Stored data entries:
# # # # # # #
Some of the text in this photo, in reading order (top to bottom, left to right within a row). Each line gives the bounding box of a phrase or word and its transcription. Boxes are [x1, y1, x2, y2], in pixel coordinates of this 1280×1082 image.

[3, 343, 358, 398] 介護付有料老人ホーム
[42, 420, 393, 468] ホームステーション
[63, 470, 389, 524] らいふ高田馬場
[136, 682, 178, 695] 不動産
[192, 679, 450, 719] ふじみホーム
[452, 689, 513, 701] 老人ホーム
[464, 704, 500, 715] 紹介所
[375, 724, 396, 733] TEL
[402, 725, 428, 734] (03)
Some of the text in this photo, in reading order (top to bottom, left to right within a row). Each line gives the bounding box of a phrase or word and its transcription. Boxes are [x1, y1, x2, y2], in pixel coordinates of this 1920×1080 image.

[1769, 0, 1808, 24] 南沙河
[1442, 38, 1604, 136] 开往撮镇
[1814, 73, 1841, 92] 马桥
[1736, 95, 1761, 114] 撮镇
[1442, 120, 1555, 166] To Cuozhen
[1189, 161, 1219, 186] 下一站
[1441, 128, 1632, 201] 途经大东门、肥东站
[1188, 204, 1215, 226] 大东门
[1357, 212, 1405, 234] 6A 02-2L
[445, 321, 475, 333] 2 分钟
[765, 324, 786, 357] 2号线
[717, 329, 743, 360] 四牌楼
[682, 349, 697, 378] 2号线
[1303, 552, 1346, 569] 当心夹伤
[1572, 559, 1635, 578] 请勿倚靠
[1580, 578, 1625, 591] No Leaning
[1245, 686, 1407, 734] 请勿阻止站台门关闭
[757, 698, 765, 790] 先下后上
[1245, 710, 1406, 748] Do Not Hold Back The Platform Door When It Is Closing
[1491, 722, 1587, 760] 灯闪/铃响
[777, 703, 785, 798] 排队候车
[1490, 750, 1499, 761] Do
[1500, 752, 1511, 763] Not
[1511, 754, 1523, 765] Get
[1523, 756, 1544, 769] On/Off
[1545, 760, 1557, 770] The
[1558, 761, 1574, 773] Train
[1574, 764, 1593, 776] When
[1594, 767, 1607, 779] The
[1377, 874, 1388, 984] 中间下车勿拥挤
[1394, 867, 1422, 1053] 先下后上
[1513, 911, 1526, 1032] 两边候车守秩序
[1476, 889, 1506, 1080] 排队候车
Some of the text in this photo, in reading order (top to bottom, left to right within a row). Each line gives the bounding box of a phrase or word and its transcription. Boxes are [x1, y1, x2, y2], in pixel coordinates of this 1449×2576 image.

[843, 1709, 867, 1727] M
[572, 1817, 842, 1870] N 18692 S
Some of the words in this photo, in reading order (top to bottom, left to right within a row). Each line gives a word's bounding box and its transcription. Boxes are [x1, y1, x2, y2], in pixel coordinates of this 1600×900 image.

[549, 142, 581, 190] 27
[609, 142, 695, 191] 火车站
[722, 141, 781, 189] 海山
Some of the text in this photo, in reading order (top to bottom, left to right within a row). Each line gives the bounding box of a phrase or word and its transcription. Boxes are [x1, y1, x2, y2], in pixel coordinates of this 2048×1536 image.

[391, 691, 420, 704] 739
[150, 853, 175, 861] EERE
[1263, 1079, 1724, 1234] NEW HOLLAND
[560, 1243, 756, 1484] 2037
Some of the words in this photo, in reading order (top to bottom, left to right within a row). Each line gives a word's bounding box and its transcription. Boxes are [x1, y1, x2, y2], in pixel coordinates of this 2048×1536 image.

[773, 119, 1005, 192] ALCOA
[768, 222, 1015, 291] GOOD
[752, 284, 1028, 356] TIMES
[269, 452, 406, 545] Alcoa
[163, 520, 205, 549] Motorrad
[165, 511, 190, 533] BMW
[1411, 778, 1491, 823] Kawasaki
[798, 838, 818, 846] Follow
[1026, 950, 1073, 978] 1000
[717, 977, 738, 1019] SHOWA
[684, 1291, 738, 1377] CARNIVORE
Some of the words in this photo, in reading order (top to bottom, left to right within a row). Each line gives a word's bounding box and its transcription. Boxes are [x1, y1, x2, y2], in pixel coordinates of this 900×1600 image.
# # # # # # #
A full, exact repeat of the entries above is required.

## Answer box
Some of the text in this photo, in reading order (top to bottom, left to right within a row). Each line gives the bounding box of a phrase or word and its transcription. Boxes are [x1, y1, x2, y2], in pixel coordinates of this 1280×1082 image.

[3, 343, 358, 398] 介護付有料老人ホーム
[42, 420, 393, 468] ホームステーション
[63, 470, 389, 524] らいふ高田馬場
[136, 682, 178, 695] 不動産
[192, 679, 450, 719] ふじみホーム
[452, 689, 513, 701] 老人ホーム
[464, 704, 500, 715] 紹介所
[375, 724, 396, 733] TEL
[402, 725, 428, 734] (03)
Some of the text in this photo, in reading order (top to bottom, left to right within a row). Each line gives the bounding box of a phrase or word and its transcription. Boxes are [x1, y1, x2, y2], in pixel coordinates of this 1920×1080 image.

[1769, 0, 1808, 24] 南沙河
[1442, 38, 1604, 136] 开往撮镇
[1814, 73, 1841, 92] 马桥
[1736, 95, 1761, 114] 撮镇
[1442, 120, 1555, 166] To Cuozhen
[1189, 161, 1219, 186] 下一站
[1441, 128, 1632, 201] 途经大东门、肥东站
[1188, 204, 1215, 226] 大东门
[1357, 212, 1405, 234] 6A 02-2L
[445, 321, 475, 333] 2 分钟
[765, 324, 786, 357] 2号线
[717, 329, 743, 360] 四牌楼
[682, 349, 697, 378] 2号线
[1303, 552, 1346, 569] 当心夹伤
[1572, 559, 1635, 578] 请勿倚靠
[1580, 578, 1625, 591] No Leaning
[1245, 686, 1407, 734] 请勿阻止站台门关闭
[757, 698, 765, 790] 先下后上
[1245, 710, 1406, 748] Do Not Hold Back The Platform Door When It Is Closing
[1491, 722, 1587, 760] 灯闪/铃响
[777, 703, 785, 798] 排队候车
[1490, 750, 1499, 761] Do
[1500, 752, 1511, 763] Not
[1511, 754, 1523, 765] Get
[1523, 756, 1544, 769] On/Off
[1545, 760, 1557, 770] The
[1558, 761, 1574, 773] Train
[1574, 764, 1593, 776] When
[1594, 767, 1607, 779] The
[1377, 874, 1388, 984] 中间下车勿拥挤
[1394, 867, 1422, 1053] 先下后上
[1513, 911, 1526, 1032] 两边候车守秩序
[1476, 889, 1506, 1080] 排队候车
Some of the text in this photo, in reading order (top to bottom, left to right within a row). Each line gives the bounding box of a phrase or word and its transcription. Boxes are [x1, y1, x2, y2], in pixel coordinates of this 1449×2576 image.

[843, 1709, 867, 1727] M
[572, 1817, 842, 1870] N 18692 S
Some of the words in this photo, in reading order (top to bottom, left to right within a row). Each line gives a word's bounding box and its transcription. Boxes are [x1, y1, x2, y2], in pixel coordinates of this 1600×900 image.

[549, 142, 581, 190] 27
[609, 142, 695, 191] 火车站
[722, 141, 781, 189] 海山
Some of the text in this photo, in reading order (top to bottom, left to right within a row). Each line gives the bounding box of a phrase or word and its transcription. Boxes are [x1, y1, x2, y2], in pixel coordinates of this 2048×1536 image.

[391, 691, 420, 704] 739
[150, 853, 175, 861] EERE
[1263, 1079, 1724, 1234] NEW HOLLAND
[560, 1243, 756, 1484] 2037
Some of the words in this photo, in reading order (top to bottom, left to right within a row). Each line gives a word's bounding box and its transcription. Boxes are [x1, y1, x2, y2], in pixel coordinates of this 2048×1536 image.

[773, 119, 1005, 192] ALCOA
[768, 222, 1015, 291] GOOD
[752, 284, 1028, 356] TIMES
[269, 452, 406, 545] Alcoa
[163, 520, 205, 549] Motorrad
[165, 511, 190, 533] BMW
[1411, 778, 1491, 823] Kawasaki
[798, 838, 818, 846] Follow
[1026, 950, 1073, 978] 1000
[717, 977, 738, 1019] SHOWA
[684, 1291, 738, 1377] CARNIVORE
Some of the words in this photo, in reading order (top to bottom, left to right within a row). Each line gives a word's bounding box and its transcription. Boxes are [x1, y1, x2, y2], in pixel coordinates of this 900×1600 image.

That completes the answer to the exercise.